Data analytics methods are extremely important in the digital transformation of companies, as they enable data to be transformed into concrete actions for the business. The analytical universe encompasses different levels of complexity depending on the value to be obtained from the data and the challenge this poses from a technological point of view.
Through this article, we will understand the approach of each type of analytics and its use case for companies:
Different types of analytics have made it possible to analyze the behavior of a process, examining past data using descriptive analytics and enabling a better understanding of the data through BI and data mining tools, understanding what happened.
Diagnostic Analysis
Data analysis allows us to answer why things have happened and identify behaviors and patterns that enable organizations to define a strategy for corrective or improvement action.
Predictive Analytics
Based on real-time information and using statistical modeling or machine learning tools, it allows you to predict the behavior of a process and anticipate the future in order to make decisions that may favor a specific business case.
Prescriptive Analytics
It seeks to generate an action plan or recommend other actions based on available resources and data, predictions, and other external variables, leveraging the use of combinatorial optimization algorithms called Operational Research.
Based on these concepts, we can see the importance of analytics as a driver of digital transformation within organizations at different points in time. It is a technological trend that helps us improve efficiency in the company and generate new customer experiences by improving a service or process, in accordance with the following key stages that management must take into account when implementing this type of project:
- The selection of Digital Analytics tools based on their cost-benefit ratio, field of expertise, and complexity of the business case.
- The processing of information collected using selected analytical models and the questions that need to be answered.
- Data-driven decision-making to meet the organization's strategic objectives as reflected in its KPIs.
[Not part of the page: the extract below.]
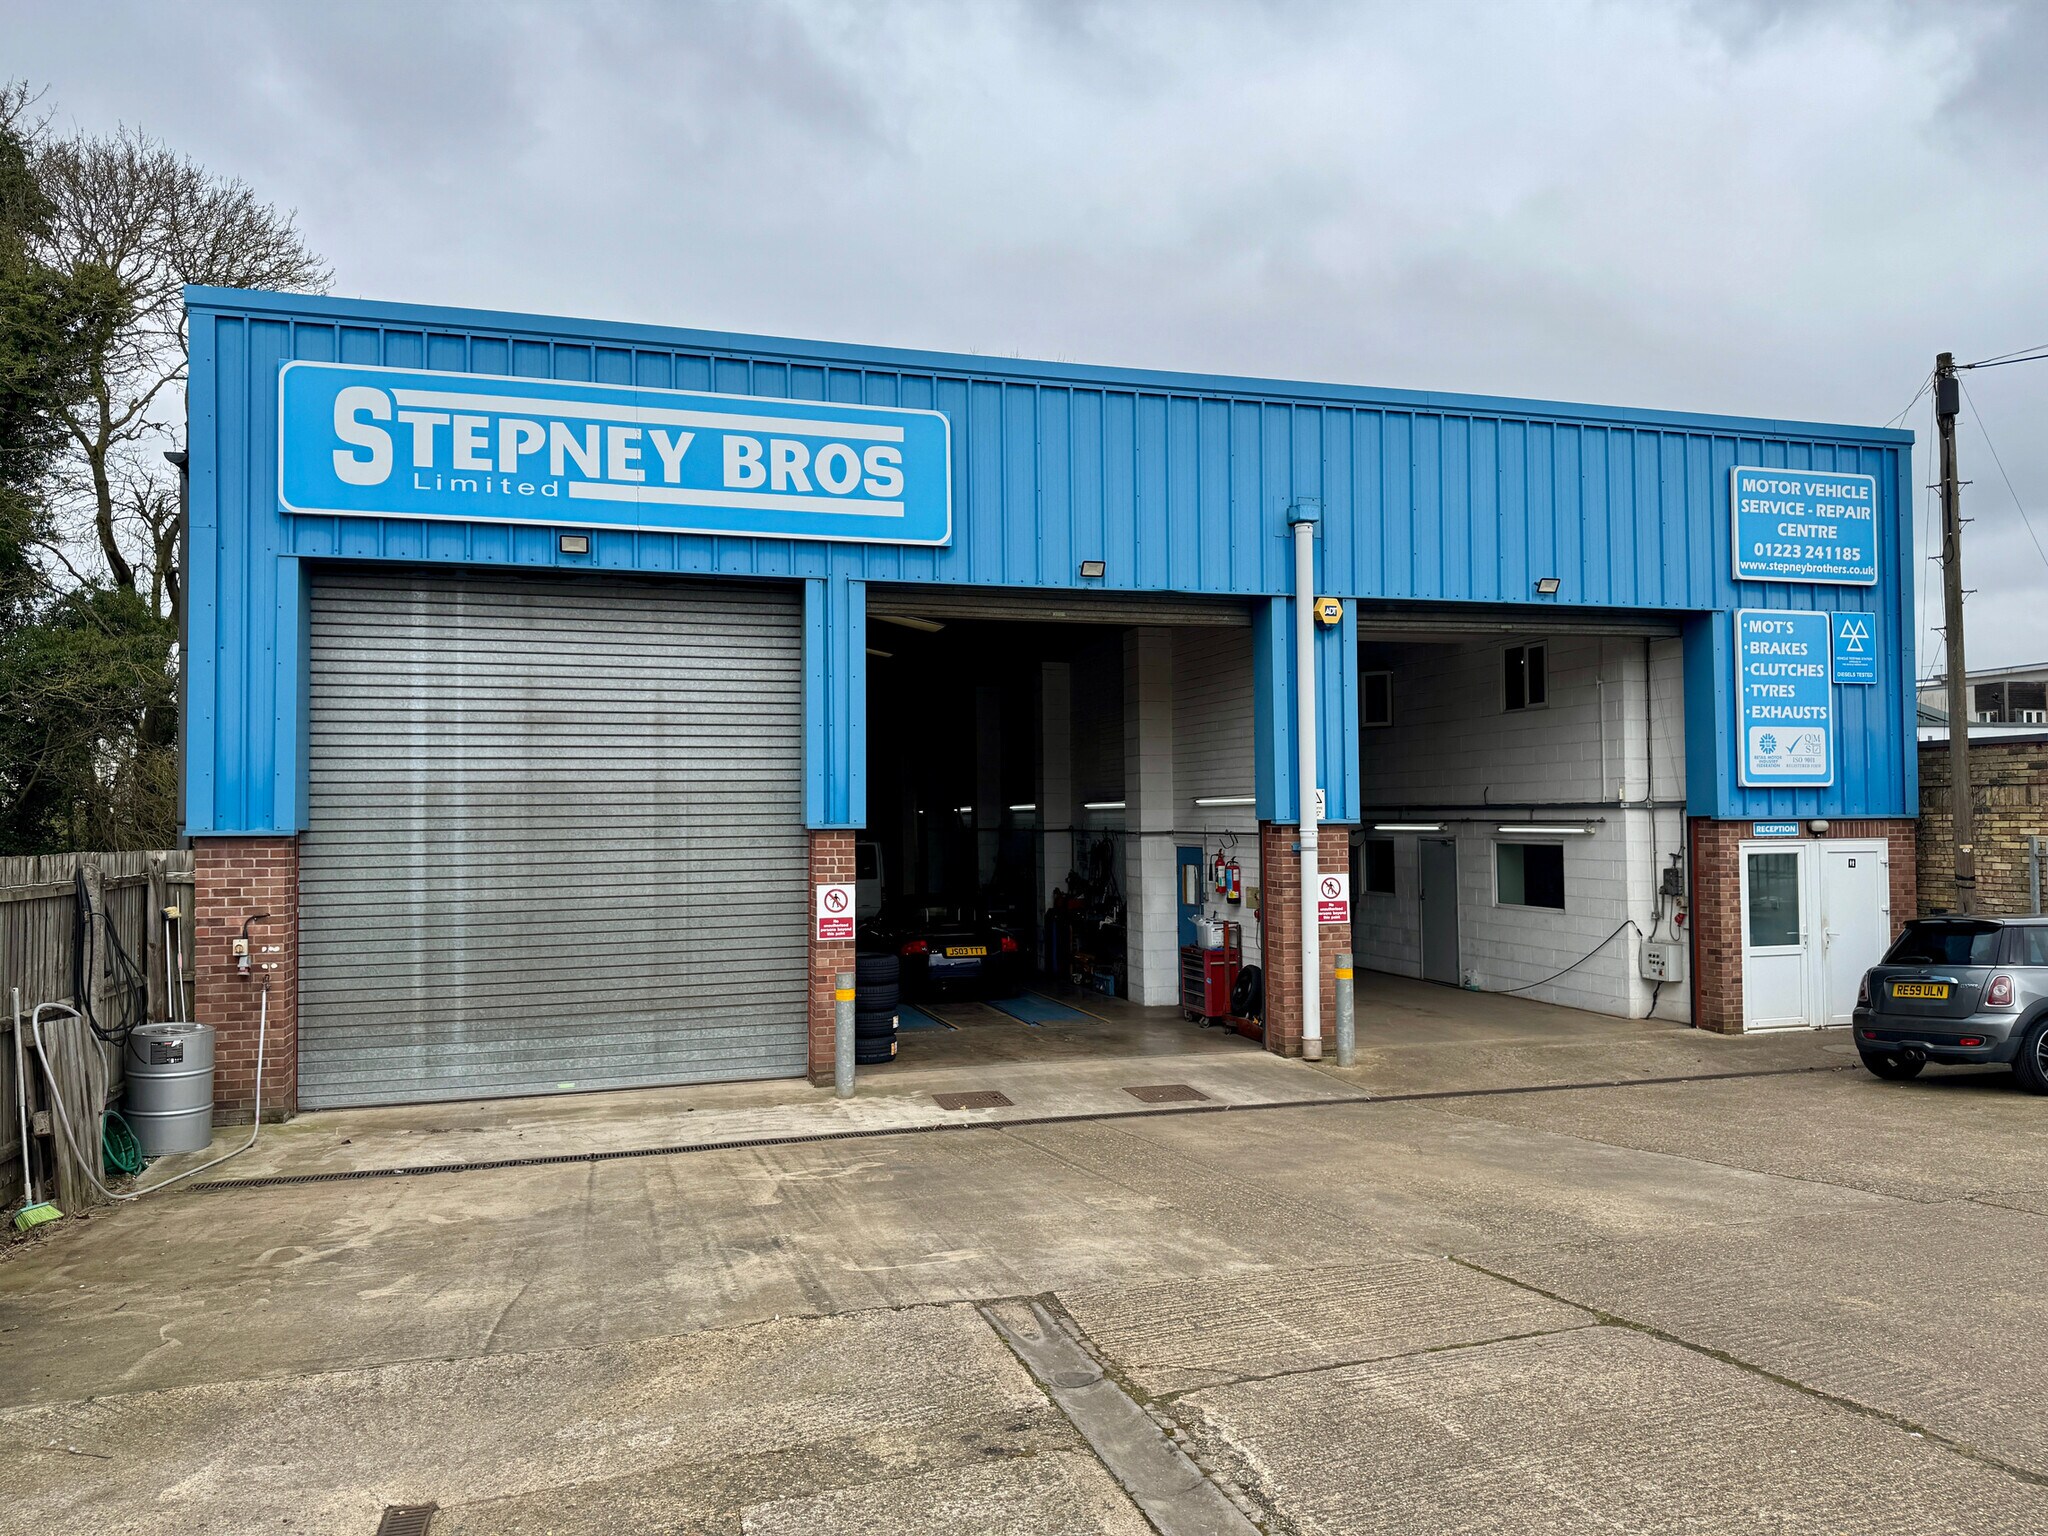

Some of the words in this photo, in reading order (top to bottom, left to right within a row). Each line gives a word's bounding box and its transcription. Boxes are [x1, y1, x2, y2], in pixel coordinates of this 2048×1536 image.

During my experience as a Pre-Sales Software Architect within my organization, interacting with various clients and understanding their needs has allowed me to identify the great importance of Data Analytics, using it as the main input for tools that enable the analysis, collection, organization, and processing of what has happened in the past, what is currently available, including process improvement and the organizational culture composed of each of the company's members, as well as the future projection reflected in its vision, to help its customers solve their business problems. None of this will be possible if the sponsors or management roles within the organization are unclear about it.
Understanding that data is dynamic, as are business processes and interactions with people, will enable organizations to identify their roadmap to digital transformation.